Bei solchen Zahlen kann man durchaus mal etwas tiefer in die Tasche greifen – um der "Mamma" ein Geschenk zu machen. Weil türkische TV-Serien eine Leidenschaft seiner Mutter Carla Dall'Oglio seien, habe er seinen Mitarbeitern gesagt: "Kauft alle türkischen Serien, die es gibt", verriet Berlusconi der Zeitung "Italia Oggi". Auf der konzerneigenen Streaming-Plattform Mediaset Infinity steht nun seit kurzem eine wahre Flut neuer und alter türkischer Produktionen von "Terra Amara" über "The Family" bis zu "My Name is Farah" für die rund 30 Millionen registrierten Nutzer bereit – mutmaßlich die größte Kollektion außerhalb der Türkei.

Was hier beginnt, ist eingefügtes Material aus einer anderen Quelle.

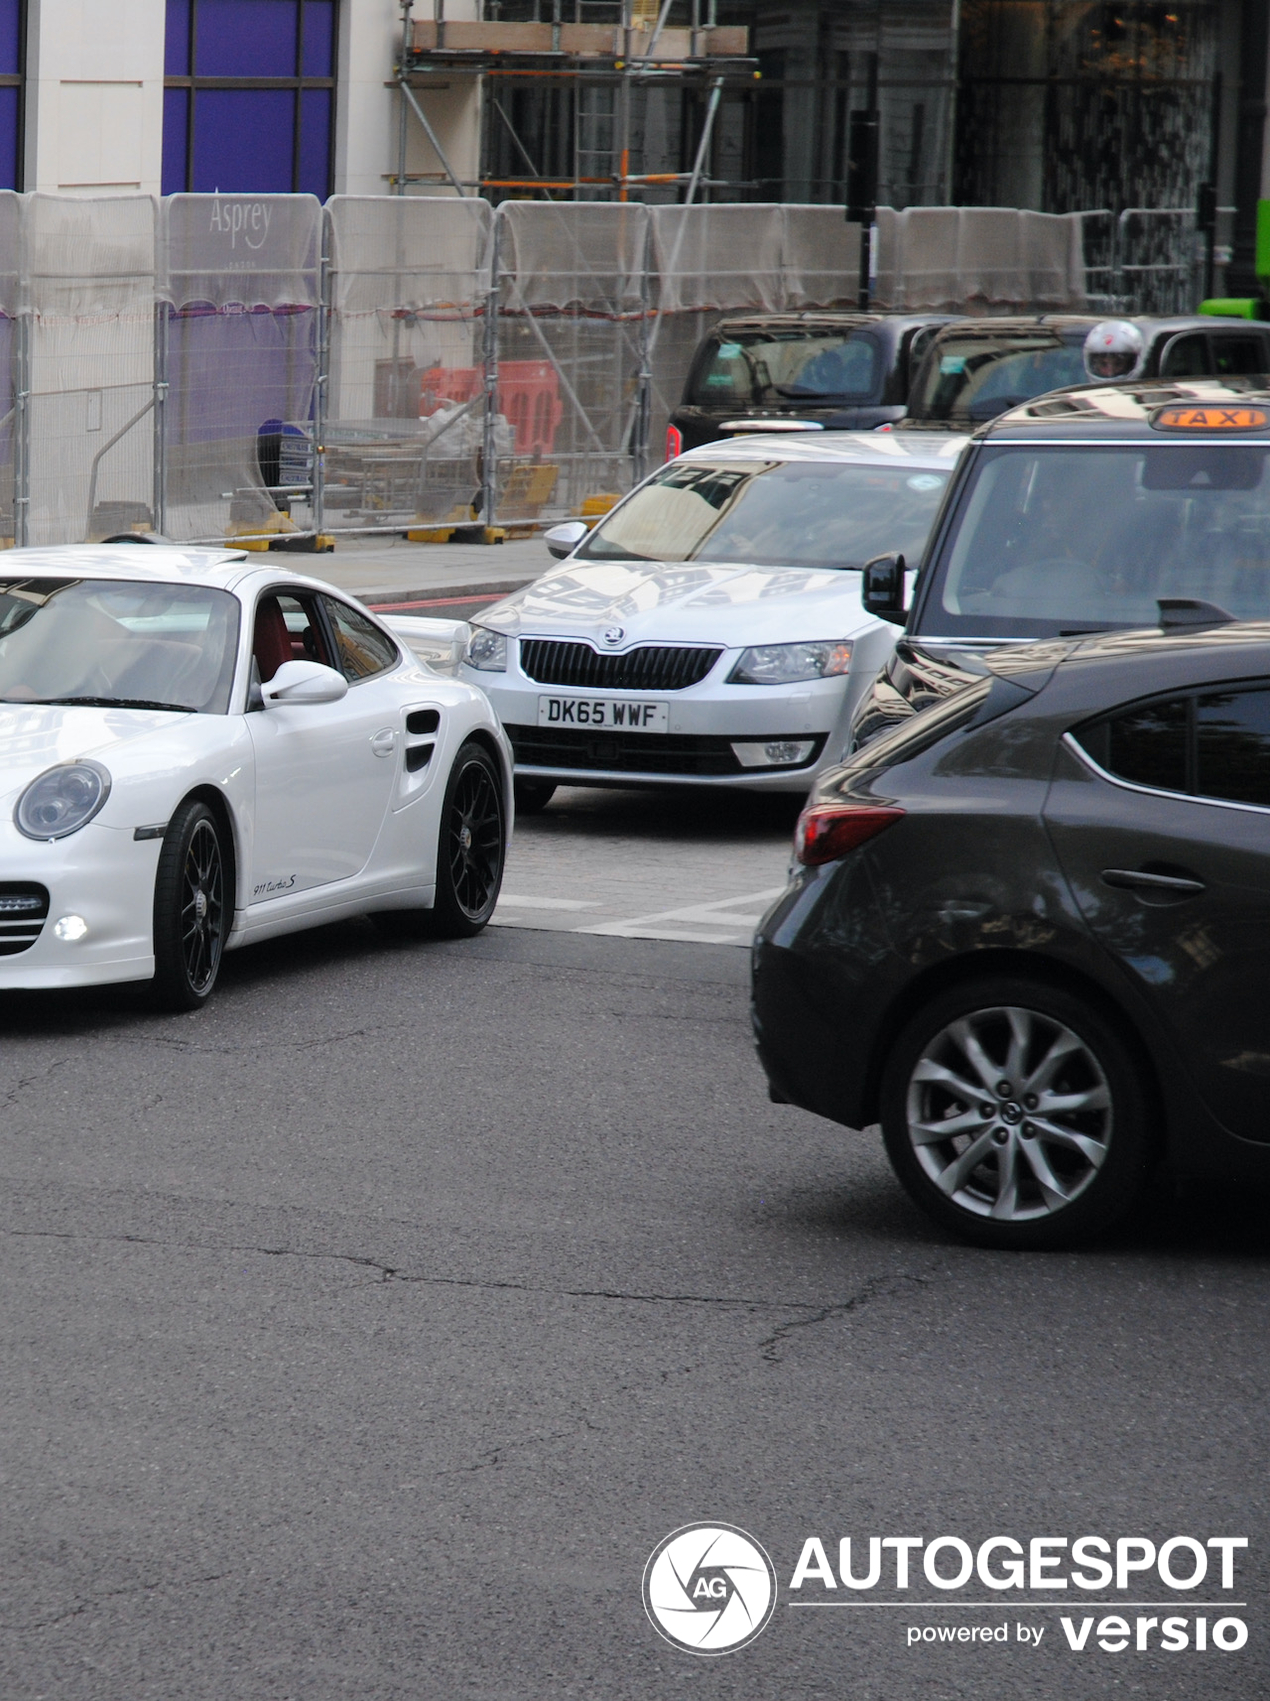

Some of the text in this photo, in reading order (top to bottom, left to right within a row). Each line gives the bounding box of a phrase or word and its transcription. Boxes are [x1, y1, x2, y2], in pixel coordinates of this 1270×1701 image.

Widersprüchliche Signale kommen vom Sohn des verstorbenen "Cavaliere" derweil, wenn es um politische Ambitionen geht. Bisher hatte Pier Silvio Berlusconi stets betont, kein gesteigertes Interesse an aktiver Politik zu haben und sich aufs Business konzentrieren zu wollen. So machte er im Juli öffentlich, dass er bereits vor zehn Jahren den Wunsch seines Vaters, er möge dessen Partei Forza Italia beitreten, abgelehnt habe. Berlusconi junior widersprach auch vehement dem Gerücht, er habe eine Meinungsumfrage in Auftrag gegeben, um seine potenziellen Zustimmungswerte auszuloten.

Allerdings häufen sich seit Anfang Oktober die Medienberichte, nach denen Marina und Pier Silvio Berlusconi – die beiden ältesten Nachkommen, die qua Testament die Mehrheit an der Familienholding Fininvest übernommen haben – mehr und mehr auch politische Nachlasspflege betreiben. Demnach sollen sie den Forza-Italia-Vorsitzenden, Italiens Außenminister Antonio Tajani, hinter den Kulissen dabei unterstützen, die gealterte Parteiführung zu verjüngen, um bei den nächsten Parlamentswahlen 2027 nicht mehr nur als Junior-Koaltionspartner abzuschneiden. Dass diese Familie Freund und Feind immer wieder zu überraschen weiß, wäre keine neue Erkenntnis.